* [INSTRUCTIONS TO FOLLOW] Return each record verbatim, images excluded.

* [DATA FOR THIS TASK]
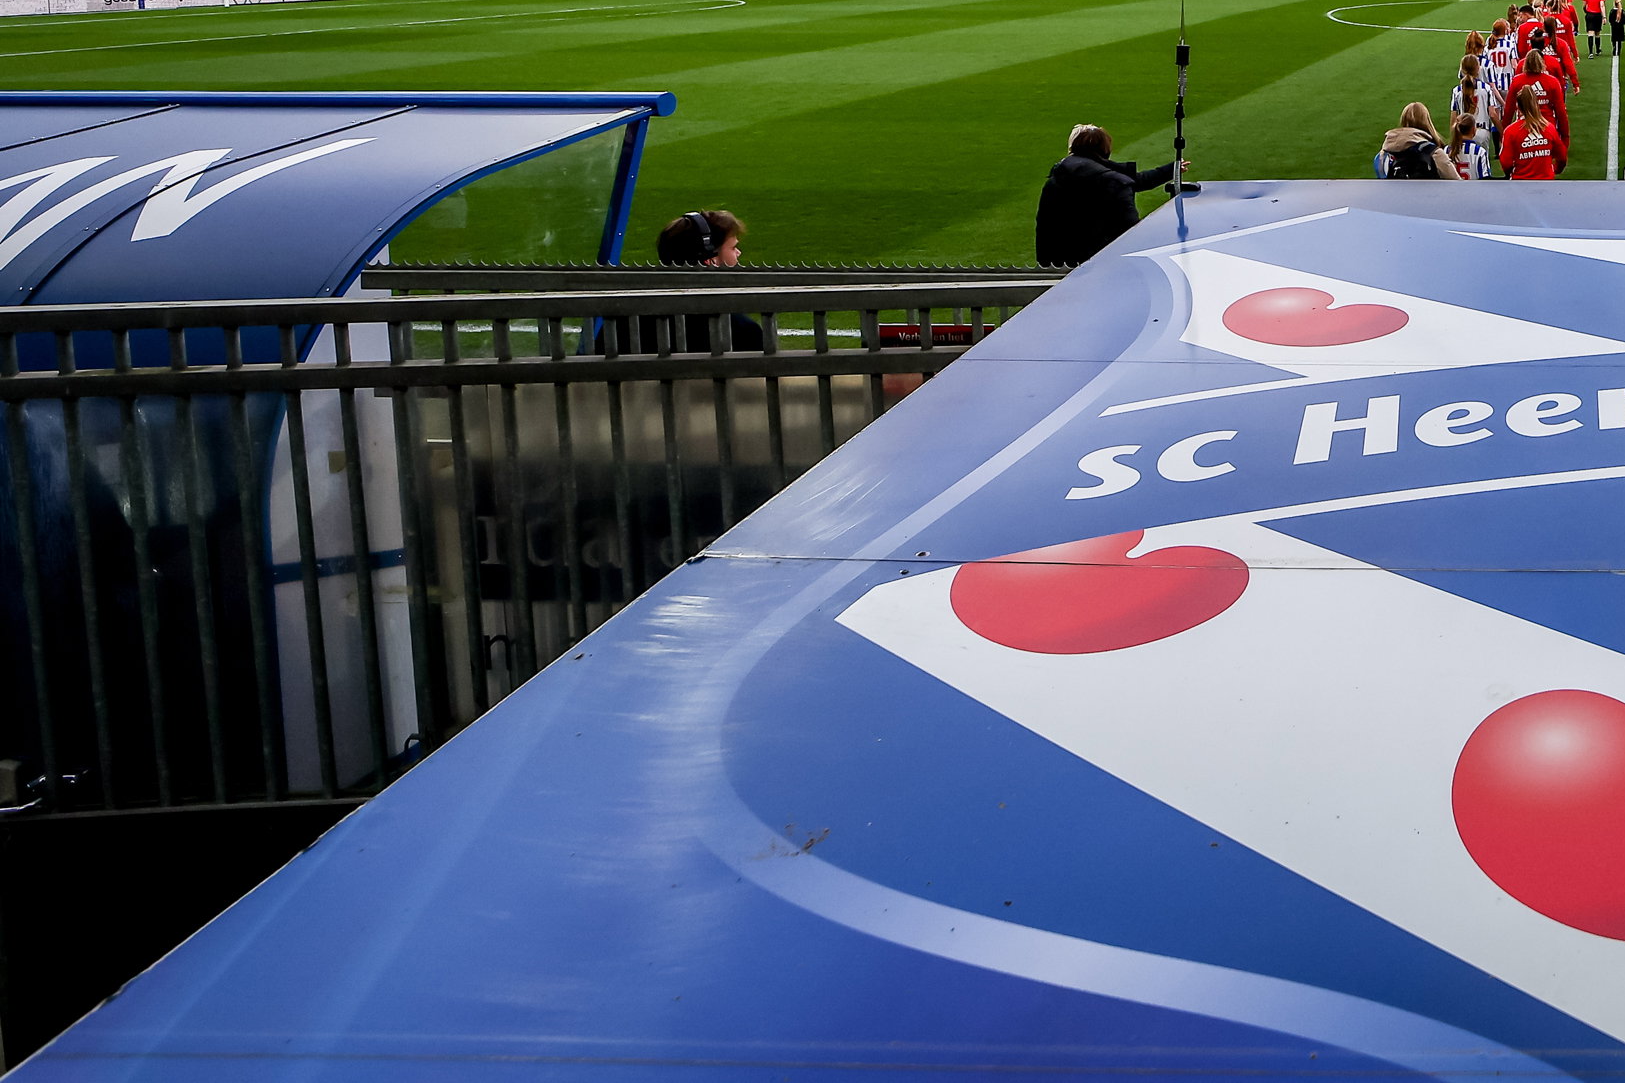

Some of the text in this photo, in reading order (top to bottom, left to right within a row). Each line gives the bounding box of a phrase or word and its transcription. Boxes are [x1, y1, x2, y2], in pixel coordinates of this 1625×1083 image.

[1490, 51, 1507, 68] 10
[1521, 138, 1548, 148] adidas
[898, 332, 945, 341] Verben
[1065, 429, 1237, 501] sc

* [RESULT OF THE TASK]
Some of the text in this photo, in reading order (top to bottom, left to right within a row). Each line gives the bounding box of a phrase or word and its transcription. Boxes are [x1, y1, x2, y2], in pixel coordinates of this 1625×1083 image.

[1490, 51, 1507, 68] 10
[1521, 138, 1548, 148] adidas
[898, 332, 945, 341] Verben
[1065, 429, 1237, 501] sc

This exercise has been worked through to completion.